I prayed that my house didn’t burn. Watching the news and scanning social media daily was stressful. Then one day one of the newscasters was driving through my neighborhood and did a small clip. I could see where my house should have been, but it wasn’t there anymore. I cried and cried. I was literally in shock for a month. I didn’t know what to do. I stayed with my best friend with my kids. We slept on the couch, and then I had to rethink my life. We didn’t have clothes, shoes, nothing but my camping gear and few changes of clothing because we were camping. When everything in your house burns and your house, you honestly have no clue what to do. You’re floating and lost. It’s one of the hardest things in life that I have had to go through. I bought that home and worked very hard to fix it up because that is where I wanted to retire. My kids were happy there and I was happy there. After a fire and the wait before you can go back to your property was very hard. When they tell you that you can go look at your property and see what you can recover but there’s nothing there. The granite countertops and fireplace, crumbled. There’s not one thing that is salvageable, nothing. I just had no words. The whole Alder Springs neighborhood was all gone but one home. 

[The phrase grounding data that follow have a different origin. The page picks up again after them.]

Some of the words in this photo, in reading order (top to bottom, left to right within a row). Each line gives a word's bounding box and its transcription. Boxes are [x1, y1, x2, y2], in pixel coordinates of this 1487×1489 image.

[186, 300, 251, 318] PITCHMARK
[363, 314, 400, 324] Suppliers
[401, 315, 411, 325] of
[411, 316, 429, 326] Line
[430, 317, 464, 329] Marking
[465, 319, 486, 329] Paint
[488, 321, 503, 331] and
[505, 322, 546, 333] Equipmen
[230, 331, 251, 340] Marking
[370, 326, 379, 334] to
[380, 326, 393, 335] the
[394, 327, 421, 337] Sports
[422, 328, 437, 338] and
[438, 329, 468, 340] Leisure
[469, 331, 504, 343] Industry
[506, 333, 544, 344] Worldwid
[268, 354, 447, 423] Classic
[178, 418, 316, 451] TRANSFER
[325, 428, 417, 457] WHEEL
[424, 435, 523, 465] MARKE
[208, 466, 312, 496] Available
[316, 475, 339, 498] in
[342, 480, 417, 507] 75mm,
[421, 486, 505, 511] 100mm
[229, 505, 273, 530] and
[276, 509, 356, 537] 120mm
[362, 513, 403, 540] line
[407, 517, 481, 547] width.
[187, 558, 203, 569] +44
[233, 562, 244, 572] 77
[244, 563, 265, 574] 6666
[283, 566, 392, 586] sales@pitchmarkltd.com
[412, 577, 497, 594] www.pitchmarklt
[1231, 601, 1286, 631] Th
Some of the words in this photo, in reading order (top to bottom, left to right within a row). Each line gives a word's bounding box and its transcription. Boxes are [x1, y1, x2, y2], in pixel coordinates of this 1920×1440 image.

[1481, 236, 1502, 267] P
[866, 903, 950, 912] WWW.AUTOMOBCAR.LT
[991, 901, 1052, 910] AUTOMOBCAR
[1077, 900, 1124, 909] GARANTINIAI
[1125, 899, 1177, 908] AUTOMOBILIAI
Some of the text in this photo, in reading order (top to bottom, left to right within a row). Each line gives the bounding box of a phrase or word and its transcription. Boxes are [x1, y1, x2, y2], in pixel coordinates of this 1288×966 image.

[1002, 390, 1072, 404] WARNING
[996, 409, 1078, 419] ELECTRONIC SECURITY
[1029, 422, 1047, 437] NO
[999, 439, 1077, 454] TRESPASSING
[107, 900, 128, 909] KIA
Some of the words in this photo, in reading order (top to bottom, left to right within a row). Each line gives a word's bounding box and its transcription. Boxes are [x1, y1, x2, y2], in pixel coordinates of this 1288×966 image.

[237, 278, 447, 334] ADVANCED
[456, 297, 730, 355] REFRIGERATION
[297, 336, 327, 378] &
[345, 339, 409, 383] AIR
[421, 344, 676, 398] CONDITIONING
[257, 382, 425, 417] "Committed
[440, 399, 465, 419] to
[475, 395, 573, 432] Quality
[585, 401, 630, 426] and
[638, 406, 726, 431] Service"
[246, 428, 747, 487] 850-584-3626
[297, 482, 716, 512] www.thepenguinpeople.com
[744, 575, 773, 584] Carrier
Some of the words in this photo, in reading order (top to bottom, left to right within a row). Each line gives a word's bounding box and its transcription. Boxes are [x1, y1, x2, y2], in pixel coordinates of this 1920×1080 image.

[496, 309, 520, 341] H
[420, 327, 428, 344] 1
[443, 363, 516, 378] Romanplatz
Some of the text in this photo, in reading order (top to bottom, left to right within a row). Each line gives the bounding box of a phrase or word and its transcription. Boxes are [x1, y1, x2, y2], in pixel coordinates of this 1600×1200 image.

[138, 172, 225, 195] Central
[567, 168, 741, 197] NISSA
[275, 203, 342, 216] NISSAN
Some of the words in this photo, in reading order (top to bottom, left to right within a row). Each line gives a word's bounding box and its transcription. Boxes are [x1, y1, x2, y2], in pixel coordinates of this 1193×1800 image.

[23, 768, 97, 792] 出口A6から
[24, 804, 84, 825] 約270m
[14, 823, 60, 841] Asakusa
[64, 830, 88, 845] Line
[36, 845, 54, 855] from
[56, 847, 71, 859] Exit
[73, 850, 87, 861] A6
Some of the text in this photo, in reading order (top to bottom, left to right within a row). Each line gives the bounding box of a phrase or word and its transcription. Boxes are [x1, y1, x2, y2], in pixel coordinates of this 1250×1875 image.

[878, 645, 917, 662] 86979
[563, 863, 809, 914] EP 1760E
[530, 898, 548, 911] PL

My best friend, Erin, has helped me through all this and guided me while I was in shock and lost. My friend Mario came over and said, “Get in the car I’m taking you to buy whatever you need for yourself and the kids”. I honestly didn’t know what to choose still in shock. I kept saying I don’t know, I just don’t know. My friends and co-workers came together and donated clothes, gift cards. My kid’s school donated. My family and the whole community donated. The Red Cross helped me with temporary Hotels to live in. I didn’t know how much love there was in this world. I feel like everyone gave me everything back and double of what I had before. It’s so nice of everyone and it’s been really overwhelming. I did not know how many people loved me and my kids. It hurts my heart to hear other stories from other families because I know how they feel.

Now that my property has been cleaned and all that debris is gone, I’m hopeful now, you know. I take drives out there to remind myself not to give up. I feel that there’s hope. I’m going to rebuild even though there are no trees around my property. I still want that space on earth; I still want to retire there.